Before uploading to Supabase, the data must be JSON-serializable.

Supabase’s REST API does not accept `NaN`, `inf`, or `-inf` values (invalid JSON tokens).

We handle this by:
- Converting all NumPy floats (`np.nan`, `np.inf`) → Python `None`.
- Ensuring numeric and string types are valid.
- Validating payload with `json.dumps(..., allow_nan=False)`.

This guarantees that the upload will succeed without syntax errors like  
`Token "NaN" is invalid (22P02)`.

## 4. Data Upload and Verification

We use the Supabase Python client’s `upsert()` method to insert or update rows.

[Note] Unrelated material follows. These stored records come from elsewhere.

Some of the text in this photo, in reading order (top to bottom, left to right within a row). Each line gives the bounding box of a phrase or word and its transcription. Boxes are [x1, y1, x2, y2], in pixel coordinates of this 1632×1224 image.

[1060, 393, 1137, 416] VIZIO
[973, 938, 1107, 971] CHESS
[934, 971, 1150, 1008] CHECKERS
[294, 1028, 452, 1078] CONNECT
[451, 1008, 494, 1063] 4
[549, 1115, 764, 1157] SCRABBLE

**Key properties of this approach:**
- `upsert()` inserts new rows or updates existing ones based on the primary key (`country`, `year`).
- Data is sent in small batches (≤500 rows) to stay under the 10 MB REST payload limit.
- Each batch is validated locally before upload.
- Verification:
  - Query one known row via `maybe_single()`.
  - Count total rows in the cloud table.

This ensures the dataset is now persisted in a cloud-accessible format for subsequent analysis.

In [3]:
from math import ceil
from postgrest import APIError  # optional: to catch specific API errors

total = len(records)
num_batches = ceil(total / BATCH_SIZE)
print(f"Uploading {total} rows in {num_batches} batch(es) to '{TABLE_NAME}'...")

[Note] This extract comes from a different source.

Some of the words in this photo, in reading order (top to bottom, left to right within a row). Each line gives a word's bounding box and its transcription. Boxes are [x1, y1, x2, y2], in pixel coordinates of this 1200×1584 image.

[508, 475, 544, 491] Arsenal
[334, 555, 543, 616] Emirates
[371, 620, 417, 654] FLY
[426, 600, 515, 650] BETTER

for i in range(0, total, BATCH_SIZE):
    batch = records[i:i + BATCH_SIZE]
    try:
        resp = (
            supabase
            .table(TABLE_NAME)
            .upsert(batch, returning="minimal")  # don't echo rows back
            .execute()
        )
        # success: no exception thrown
        print(f"  ✓ Batch {i//BATCH_SIZE + 1}/{num_batches} — {len(batch)} rows")
    except APIError as e:
        # PostgREST / Supabase API error (e.g., JSON NaN, RLS, etc.)
        raise RuntimeError(f"Batch starting at {i} failed: {e.message}") from e
    except Exception as e:
        # Any other client/network error
        raise RuntimeError(f"Batch starting at {i} failed: {e}") from e

print("Upload complete")

Uploading 350 rows in 1 batch(es) to 'brn_indicators'...
  ✓ Batch 1/1 — 350 rows
Upload complete


In [4]:
# Verify one row
probe = records[0]
q = supabase.table(TABLE_NAME).select("*")
for k in ("country", "year"):
    if k in probe:
        q = q.eq(k, probe[k])
row = q.limit(1).maybe_single().execute()
print("One row:", row.data)

# Count rows
count_resp = supabase.table(TABLE_NAME).select("country", count="exact").execute()
print("Total rows:", count_resp.count)

One row: {'country': 'BRN', 'year': 1990, 'co2_per_capita_tco2e_excl_lulucf': 16.8434576876675, 'co2_total_mtco2e_excl_lulucf': 4.3, 'energy_use_kg_oe_per_capita': 6766.20265813163, 'gdp_current_usd': 6039881086.68157, 'population_total': 255292, 'renewable_electricity_pct': 0, 'renewable_energy_consumption_pct': 0.7, 'urban_pop_pct': 66.438, 'missing_indicator_count': 0}
Total rows: 350


## 6. Summary

This notebook successfully demonstrates:
- A secure and reusable cloud upload pipeline.
- Proper credential handling with `.env`.
- Robust error handling and data validation.
- Direct integration between local analytics and cloud data storage.

The resulting Supabase table (`brn_indicators`) is now ready for analysis in the next phase (`02_analysis_from_db.ipynb`).